Ukrainian group seeks terror probe


KIEV, Ukraine (JTA) — A Ukrainian Jewish group  wants the government to investigate an explosive device placed inside a synagogue as a terrorist act.

In a statement Wednesday, the Ukrainian Jewish Committee said it considered the incident at the Lutzk Progressive Jewish Congregation “nothing else but a terrorist act directed against all citizens of Ukraine.” The statement "expresses deep anxiety and concern regarding an attempt to blow up the Lutzk synagogue.”

A bottle of white powder hooked up to a timing device was discovered Monday in the ventilation system in the synagogue basement.
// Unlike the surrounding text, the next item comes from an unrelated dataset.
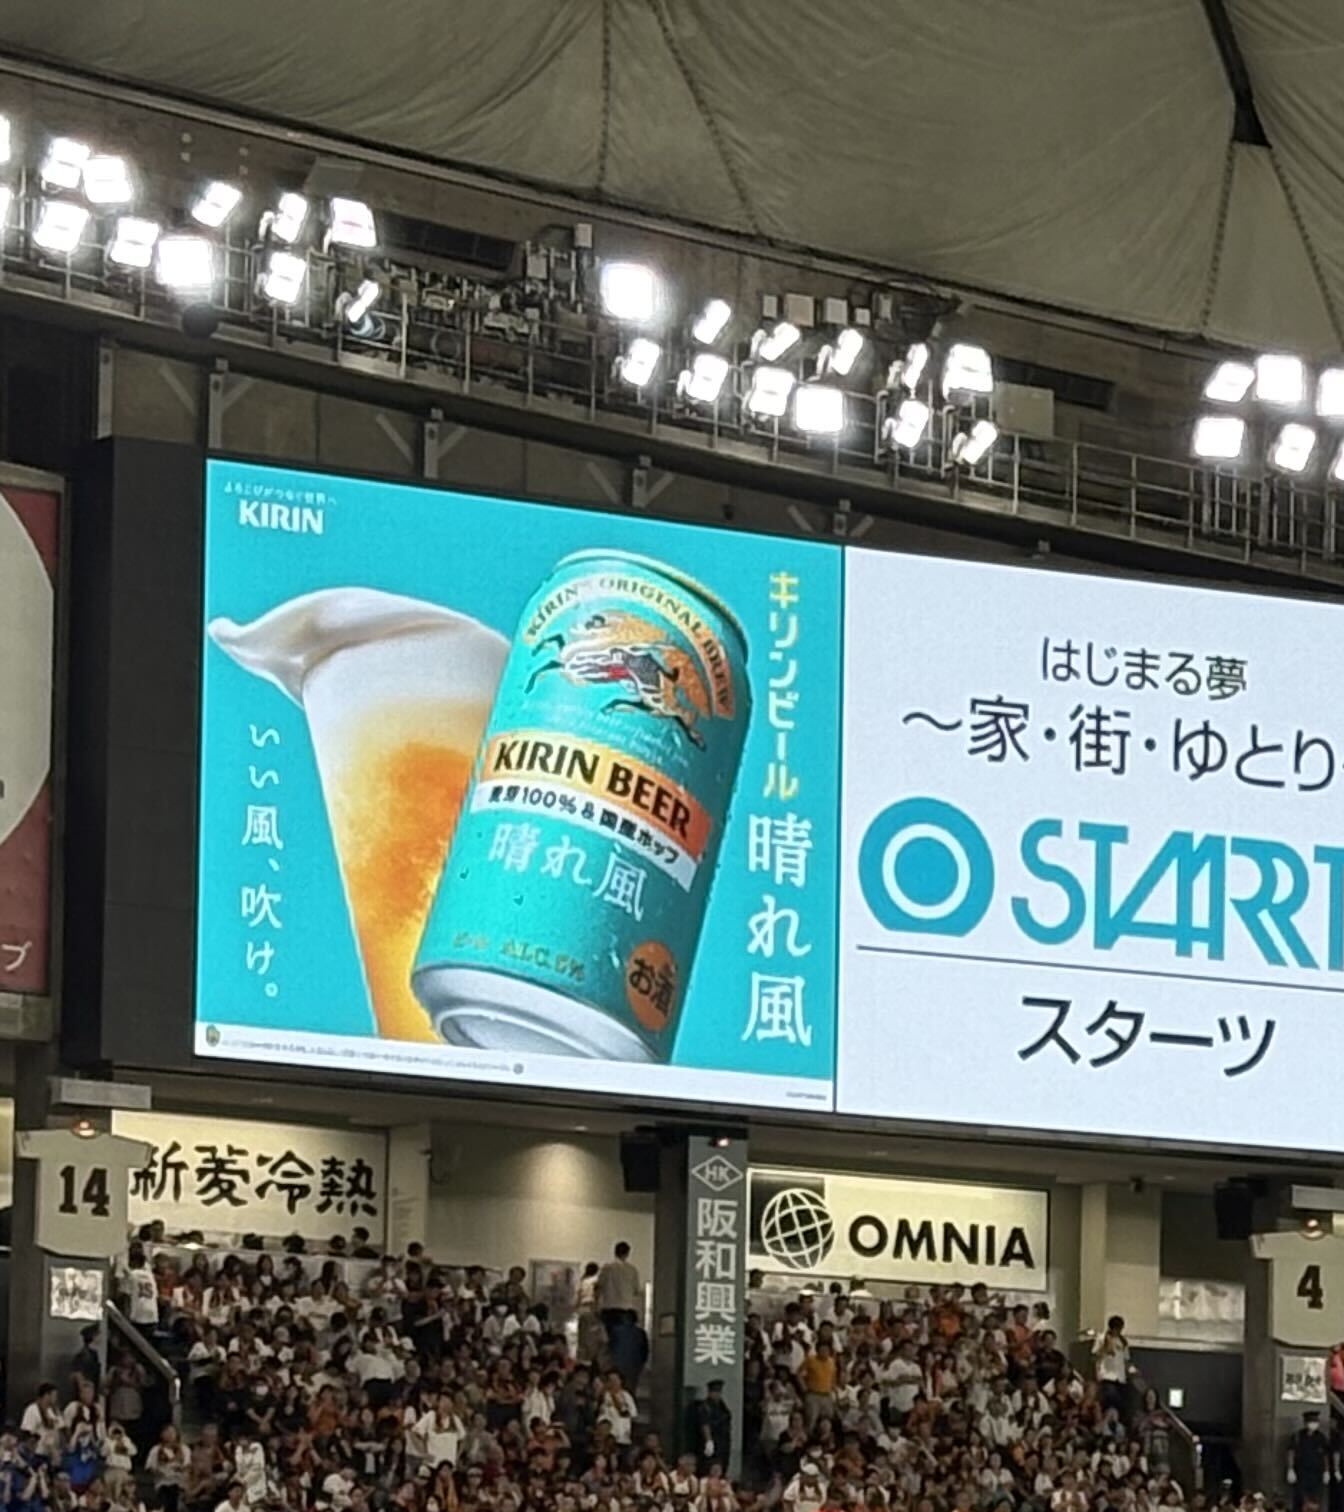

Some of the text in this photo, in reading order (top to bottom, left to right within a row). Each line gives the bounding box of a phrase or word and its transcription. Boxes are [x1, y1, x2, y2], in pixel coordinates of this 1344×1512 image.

According to law enforcement agencies, the explosive device was real, though tests are being done to determine if the explosive could have detonated. There have been no arrests in the case.

“We consider that international terrorism has declared a war against Ukraine," the statement said. "And the recent case is a logical result of inactivity of the Ukrainian state in a struggle against anti-Semitism — which is on the rise — and a fuzzy anti-terrorist position on the international scene. If Ukraine continues to remain aloof, then next time could be tragic.”

The committee called on Ukraine’s president and prime minister to take control of the probe, and leaders of law enforcement agencies to make every effort to determine guilt in the attempted attack.

Gen. Viktor Shvydkoi, chief of police of the Volyn region, told JTA that law enforcement agencies have not yet opened a criminal case and that the case materials were transferred by the police to the Ukrainian Secret Service department, or SBU.

According to a preliminary investigation and the findings of a commission of experts, Shvydkoi said, "the explosive did not explode due to a technical reason.”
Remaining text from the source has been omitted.